**Supplied entries**.
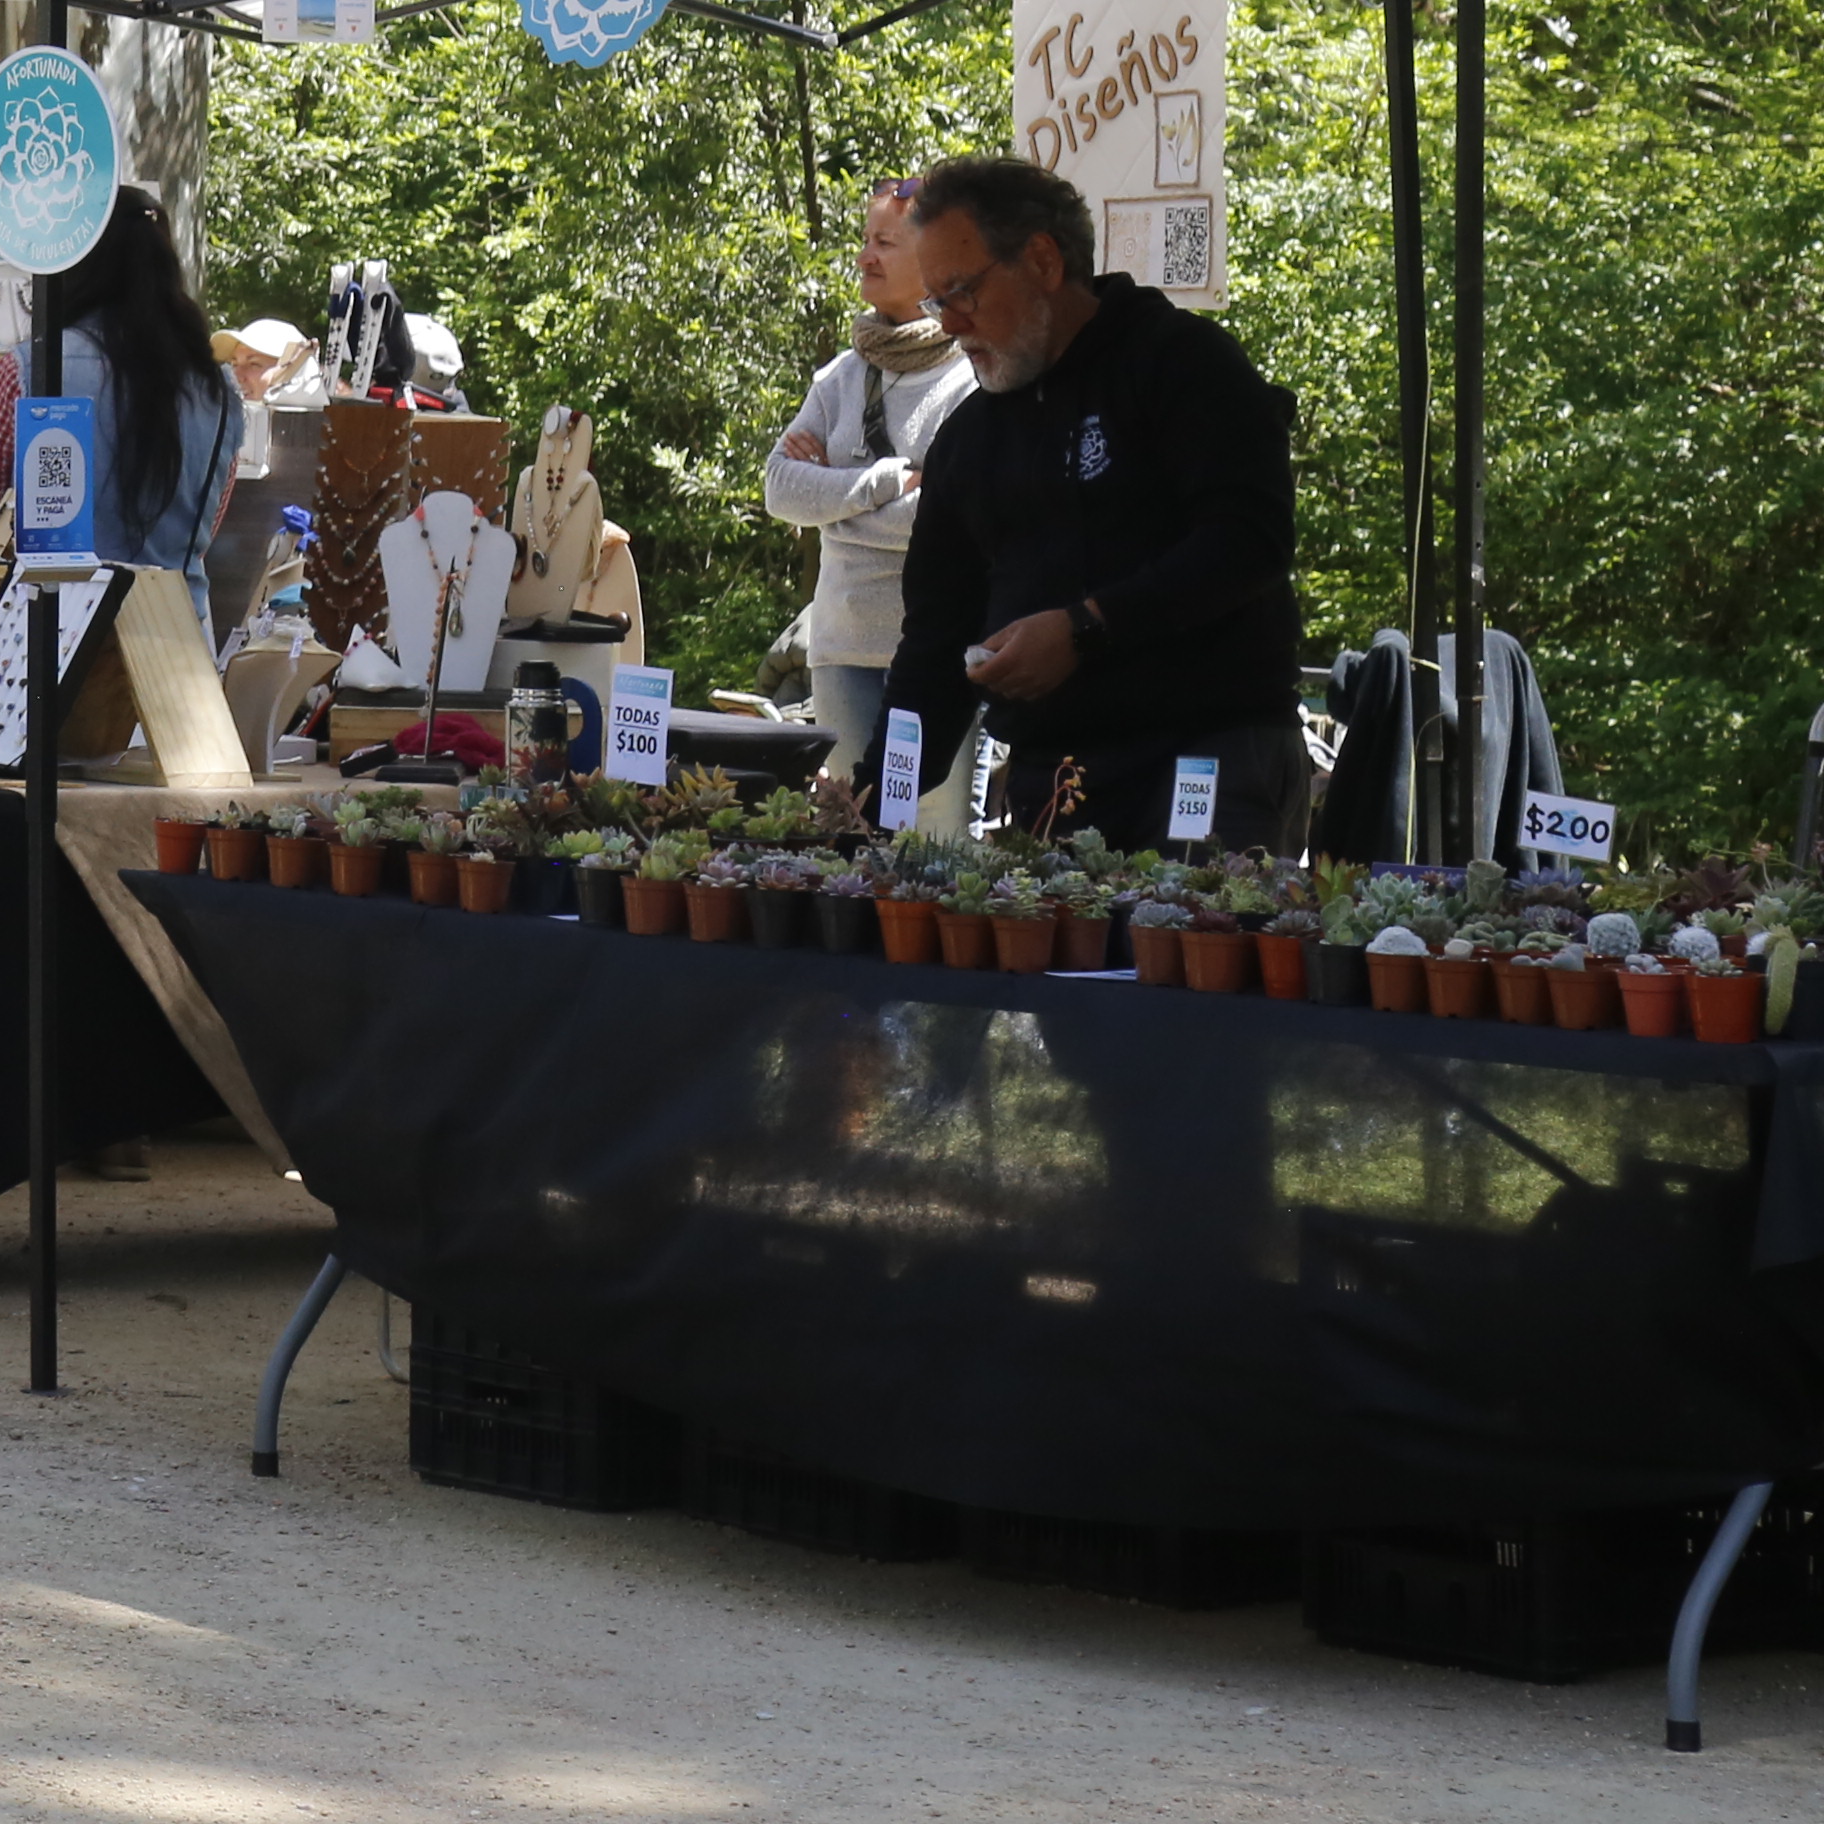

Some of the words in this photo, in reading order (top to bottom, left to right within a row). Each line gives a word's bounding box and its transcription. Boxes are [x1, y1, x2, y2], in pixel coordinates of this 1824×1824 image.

[1028, 13, 1094, 100] TC
[6, 56, 79, 91] AFORTUNADA
[1026, 15, 1199, 172] Diseños
[31, 216, 95, 261] SUCULENTAS
[615, 706, 661, 726] TODAS
[616, 729, 657, 755] $100
[888, 751, 914, 772] TODAS
[887, 777, 912, 801] $100
[1179, 782, 1211, 794] TODAS
[1178, 799, 1208, 816] $150
[1524, 802, 1610, 844] $200

**What is expected**.
Your task is to repeat the listing exactly while omitting its pictures.

**Result below**.
Some of the words in this photo, in reading order (top to bottom, left to right within a row). Each line gives a word's bounding box and its transcription. Boxes are [x1, y1, x2, y2], in pixel coordinates of this 1824×1824 image.

[1028, 13, 1094, 100] TC
[6, 56, 79, 91] AFORTUNADA
[1026, 15, 1199, 172] Diseños
[31, 216, 95, 261] SUCULENTAS
[615, 706, 661, 726] TODAS
[616, 729, 657, 755] $100
[888, 751, 914, 772] TODAS
[887, 777, 912, 801] $100
[1179, 782, 1211, 794] TODAS
[1178, 799, 1208, 816] $150
[1524, 802, 1610, 844] $200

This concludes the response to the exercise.